Nina Kaptsova and Mikhail Lobukin, currently in Grigorovich's Spartacus, photo by Elena Fetisova

Nina Kaptsova and Mikhail Lobukin, currently in Grigorovich’s Spartacus, photo by Elena Fetisova

Together the choreographer and dancers created the image of male heroism in the Soviet Union. Grigorovich became the figurehead of the “golden era” of Soviet Ballet. Larissa Saveliev, the former Bolshoi dancer who co-founded and directs Youth America Grand Prix, told me that it was Spartacus’ emphasis on sheer male energy that was so captivating. Grigorovich was less interested in specific steps than the story as a whole. In my conversation with Bolshoi Ballet’s artistic director Sergei Filin last April, he explained the ballet’s success to me by pointing out that it has a strong narrative flow and the “monologues” of the four main characters move the plot forward.

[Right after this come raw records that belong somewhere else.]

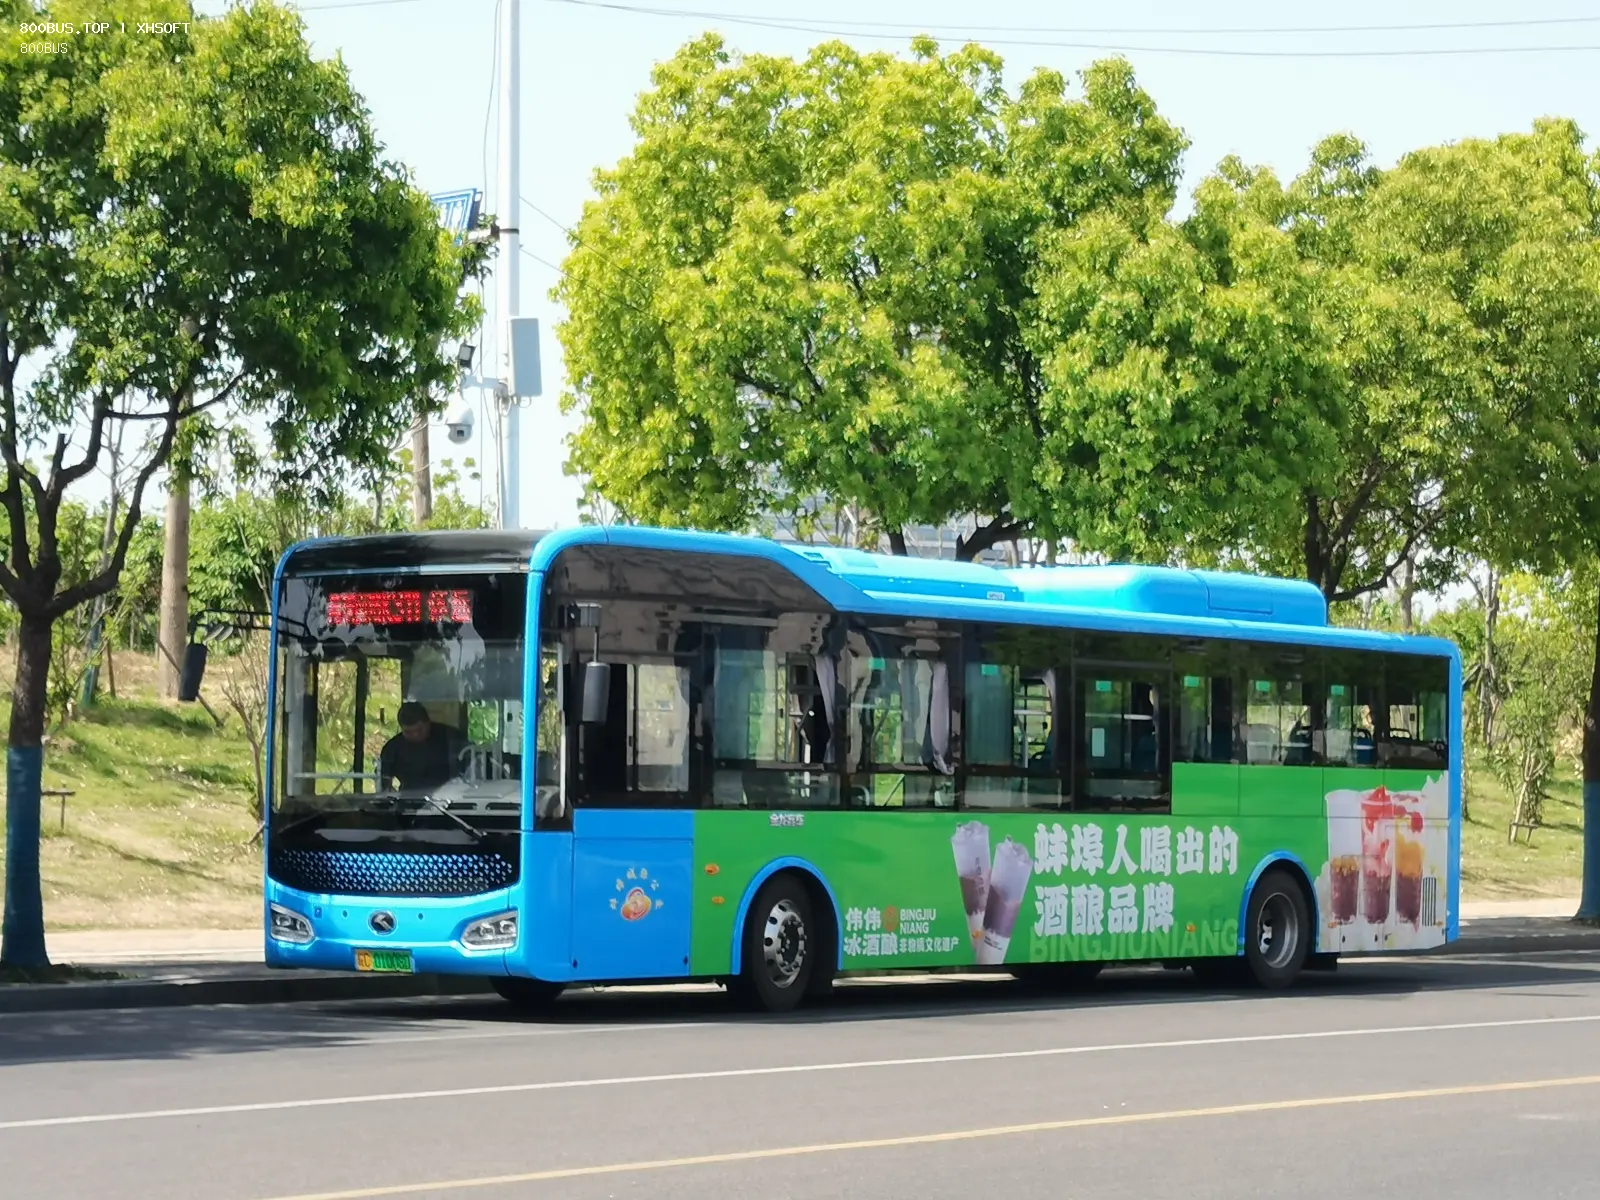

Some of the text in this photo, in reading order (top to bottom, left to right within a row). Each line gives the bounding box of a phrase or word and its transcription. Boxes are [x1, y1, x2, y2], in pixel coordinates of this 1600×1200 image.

[1033, 822, 1239, 877] 蚌埠人喝出的
[900, 908, 937, 921] BINGJIU
[1033, 881, 1174, 937] 酒酿品牌
[900, 922, 929, 934] NIANG
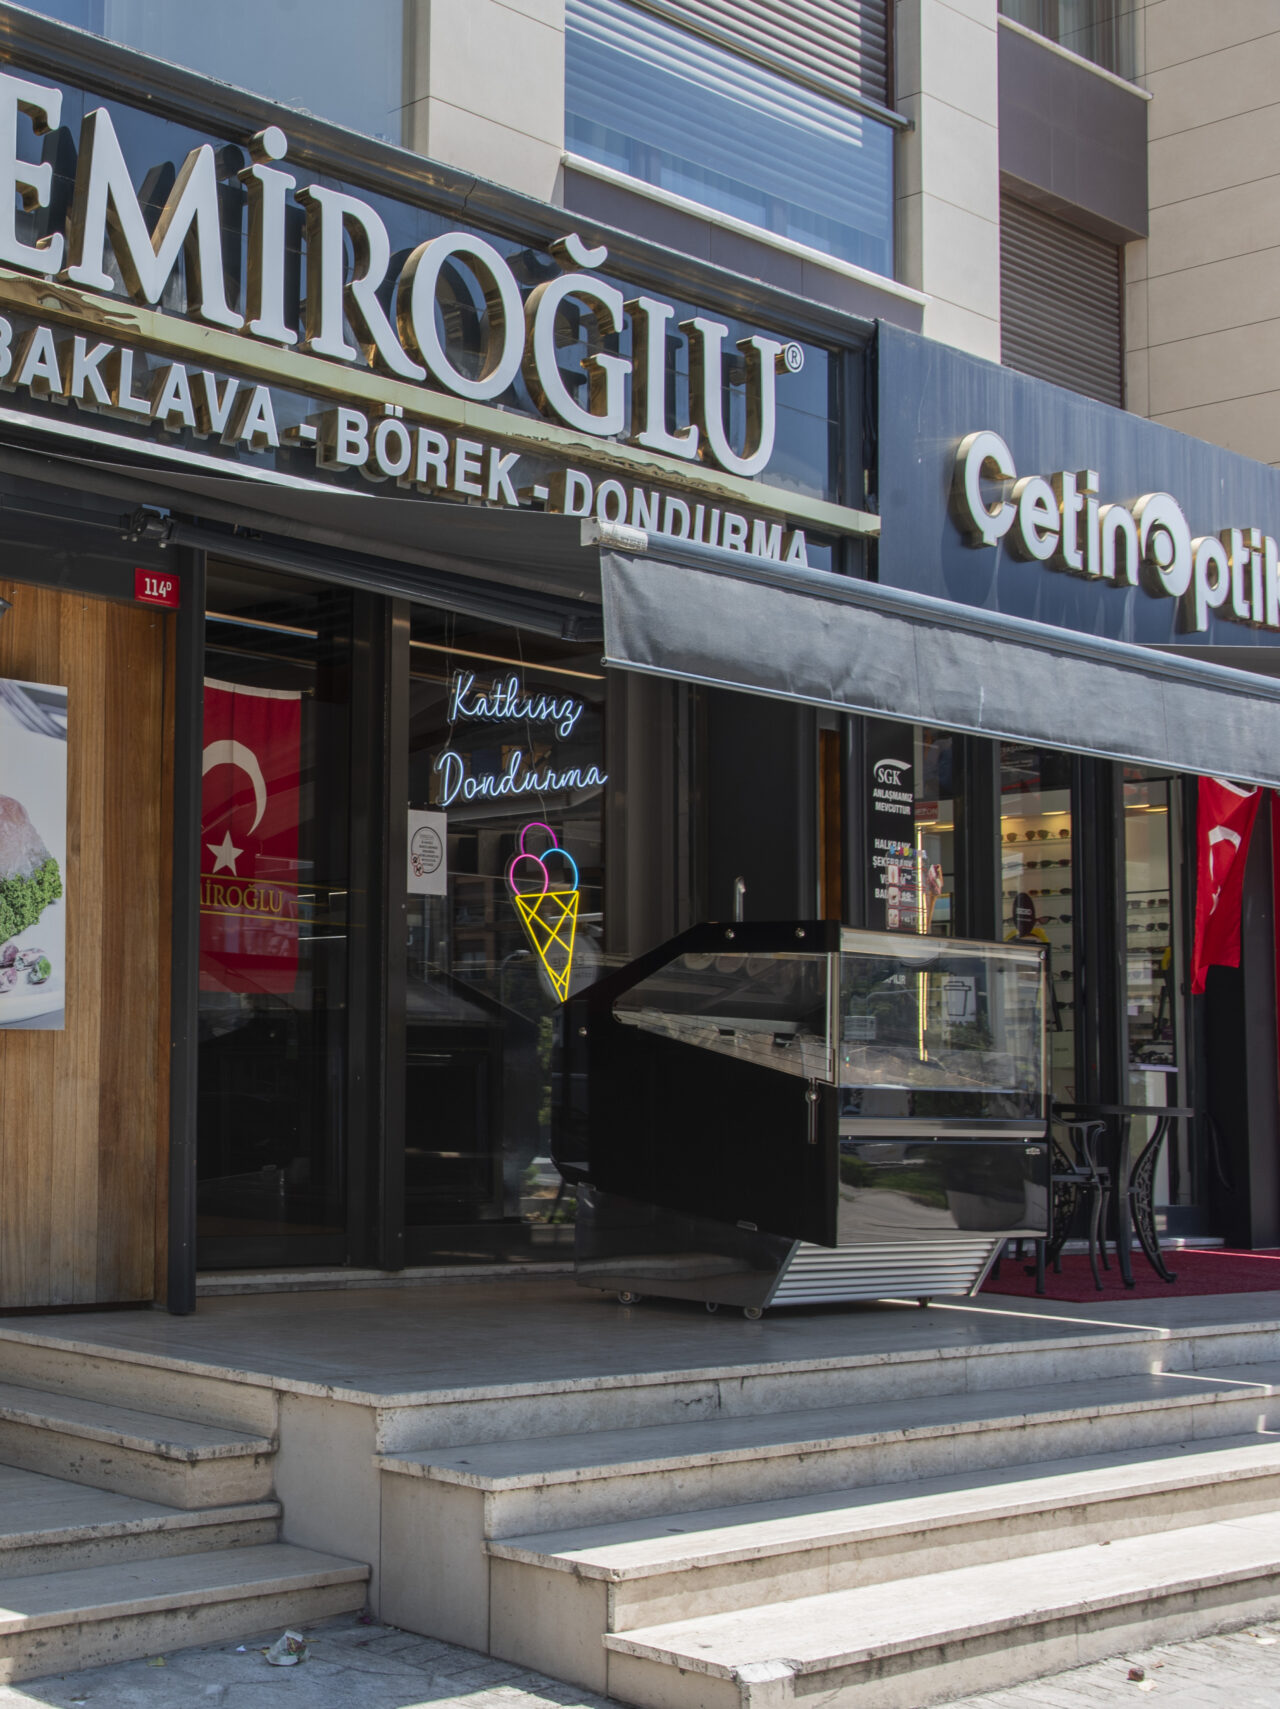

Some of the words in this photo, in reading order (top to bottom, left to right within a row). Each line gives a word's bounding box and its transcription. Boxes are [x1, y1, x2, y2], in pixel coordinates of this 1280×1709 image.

[336, 404, 521, 507] BÖREK
[564, 468, 809, 568] DONDURMA
[451, 674, 583, 737] Katkısız
[437, 750, 609, 807] Dondurma
[877, 767, 902, 786] SGK
[872, 787, 914, 803] ANLAŞMAMIZ
[874, 800, 912, 816] MEVCUTTUR
[200, 879, 285, 913] İROĞLU
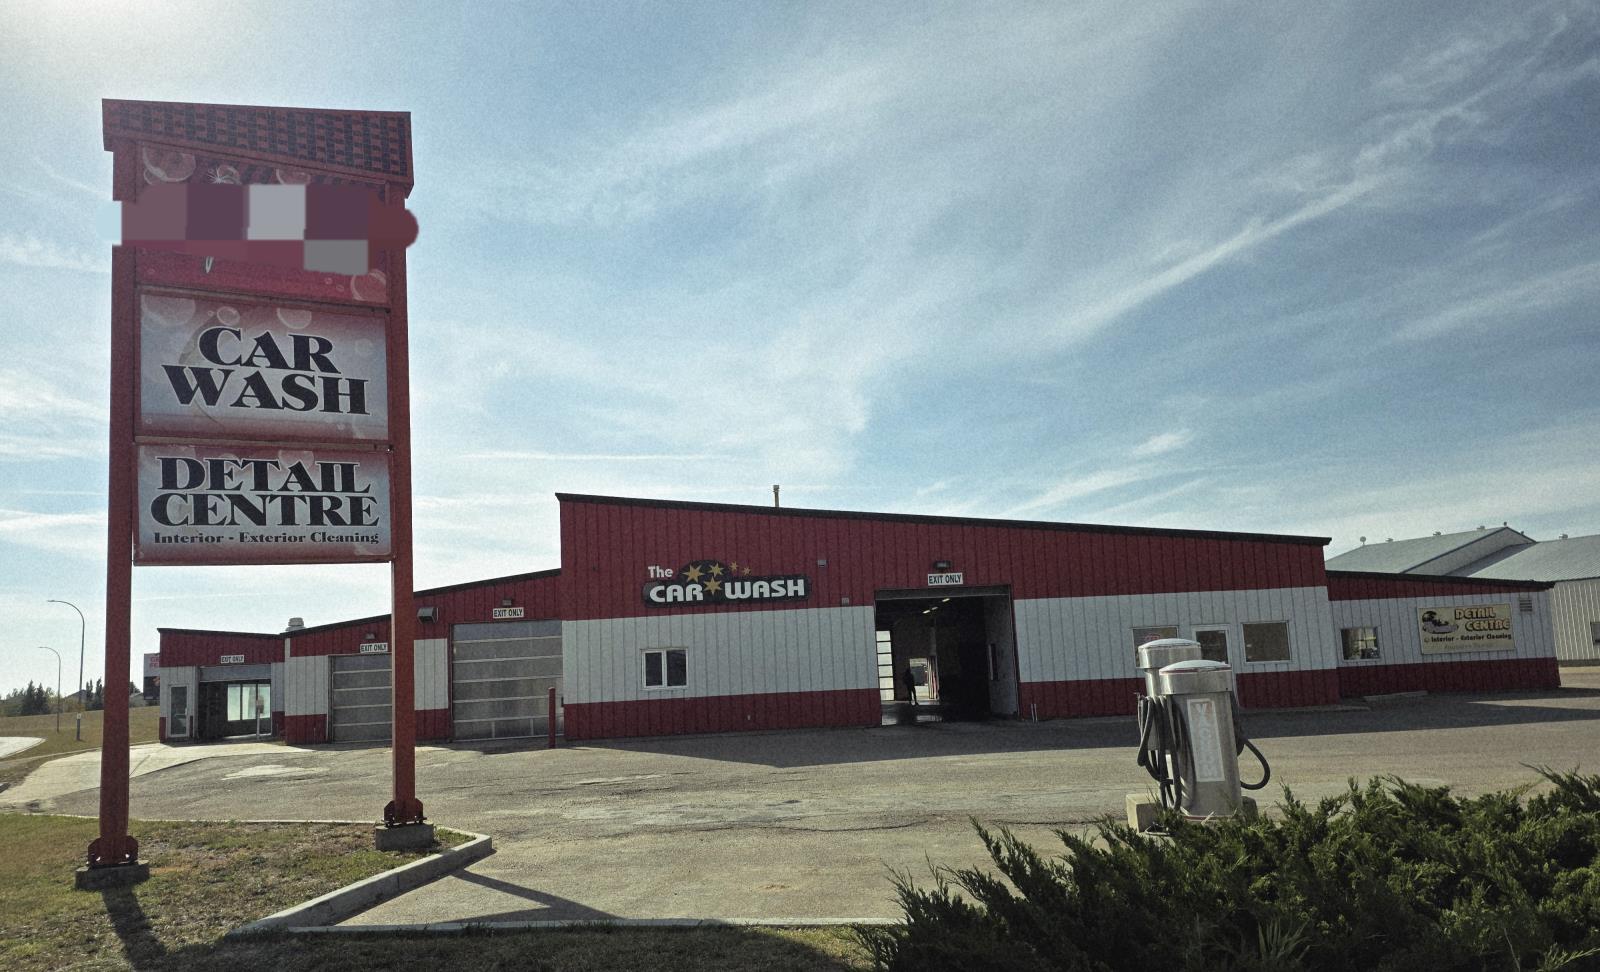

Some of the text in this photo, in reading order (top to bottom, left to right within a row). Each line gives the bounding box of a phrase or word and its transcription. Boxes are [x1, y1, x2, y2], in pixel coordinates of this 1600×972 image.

When it last came to NYC in 2005, New York Times critic John Rockwell called it “a grand cinematic spectacle, full of leaps and loves and betrayals and brilliant tableaus.”

Although no one has booed Grigorovich’s version as far as I know, it’s controversial in the sense that Americans and Russians react to it differently. American dance writers tend to find it propagandistic. Jennifer Homans, in her book Apollo’s Angels, describes it as the epitome of Soviet bravura—in both good and bad ways. “The Bolshoi kept going but after Spartacus, it was running on old energy, recycling past glories, fighting old ideological battles.” She clearly has no respect for the choreography. Although she says Vasiliev was thrilling in the lead role, she calls Spartacus a “degraded form of art” compared to Balanchine, Ashton, and Robbins.

Ivan Vasiliev in Grigorovich's Spartacus

Ivan Vasiliev in Grigorovich’s Spartacus

Others praise the achievement of this enduring Spartacus but say the performance relies on a superstar like Vladimir Vasiliev in the 60s and 70s, or Ivan Vasiliev in the last few years. (Unfortunately Vasiliev the younger cannot dance it this month as he will be performing with Natalia Osipova at Segerstom Center for the Arts in California. View a YouTube clip of the elder Vasiliev in the role here, and the younger Vasiliev here.) 

And then there is the view of Ezrahi, who believes that the ballet’s artistry trumps its original purpose as a government mouthpiece. I hope she is correct when she says the following:

“In the final analysis, ideological demands never managed to completely stifle the power of artistic autonomy. After the collapse of communism, Spartacus has survived the death of the political system that had provided the context of its creation. Today the ballet stands as a reminder that despite the political-ideological demands…artistic imagination proved to be remarkably resilient, creative, and enduring.”